INPUT MATERIAL:
== Segment start ==

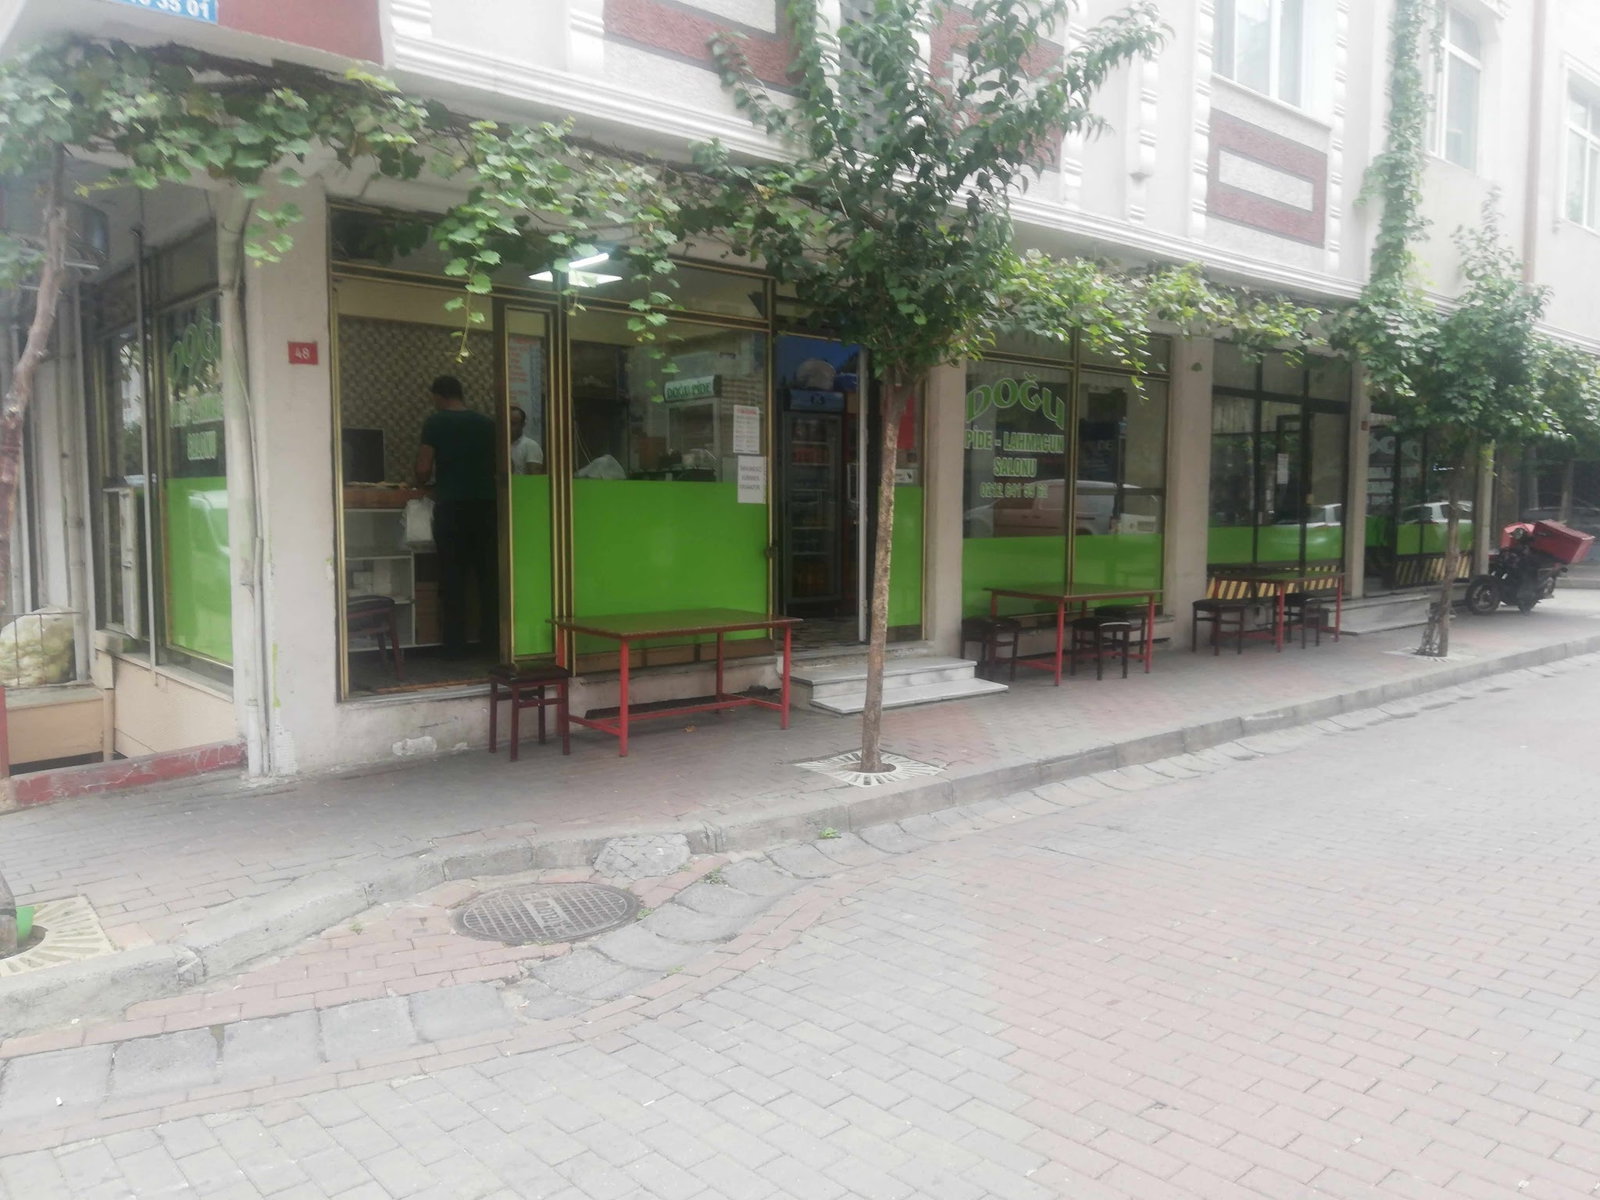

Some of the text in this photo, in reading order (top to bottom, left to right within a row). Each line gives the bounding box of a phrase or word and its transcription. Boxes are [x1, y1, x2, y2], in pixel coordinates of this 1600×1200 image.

[295, 347, 310, 360] 48
[966, 371, 1065, 430] DOĞU
[964, 425, 993, 450] PİDE
[993, 456, 1038, 478] SALONU
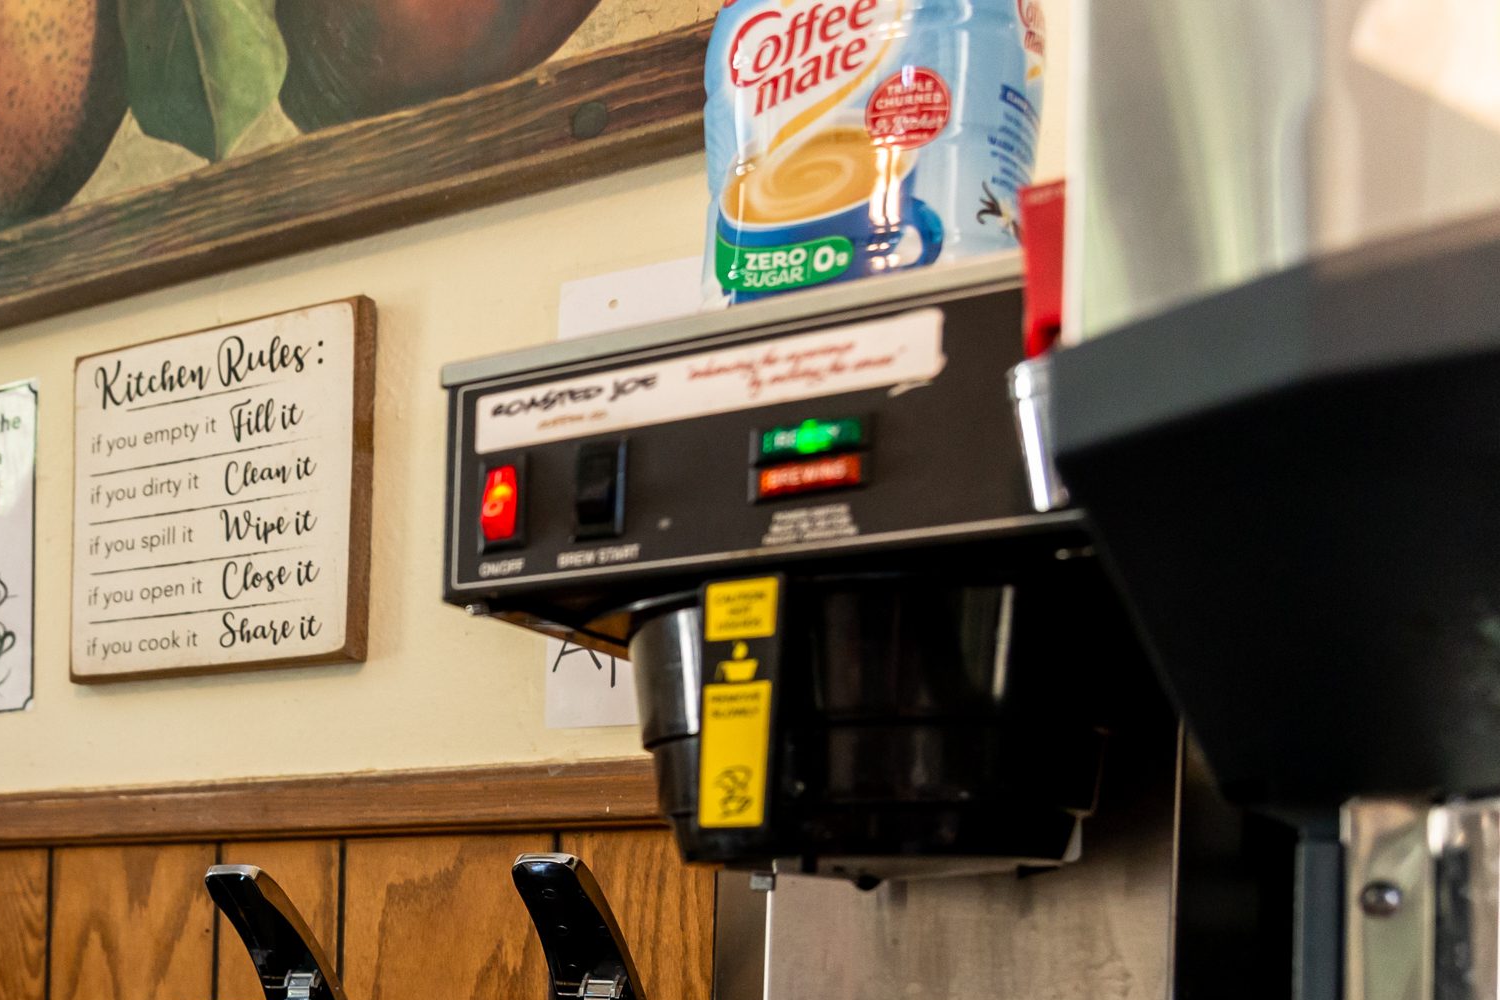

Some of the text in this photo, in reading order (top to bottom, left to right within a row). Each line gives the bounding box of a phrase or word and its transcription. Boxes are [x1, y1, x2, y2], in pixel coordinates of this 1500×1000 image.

== Segment end ==

AIM OF THE TASK:
An exact copy of every entry above is needed, with the pictures left out.

OUTPUT OF THE EXERCISE:
Some of the text in this photo, in reading order (top to bottom, left to right within a row). Each line gives the bounding box of a phrase or word and its transcription. Boxes are [x1, y1, x2, y2], in pixel coordinates of this 1600×1200 image.

[295, 347, 310, 360] 48
[966, 371, 1065, 430] DOĞU
[964, 425, 993, 450] PİDE
[993, 456, 1038, 478] SALONU

Some of the text in this photo, in reading order (top to bottom, left to right within a row). Each line gives the bounding box of a phrase or word and its transcription. Boxes are [x1, y1, x2, y2], in pixel coordinates of this 1500×1000 image.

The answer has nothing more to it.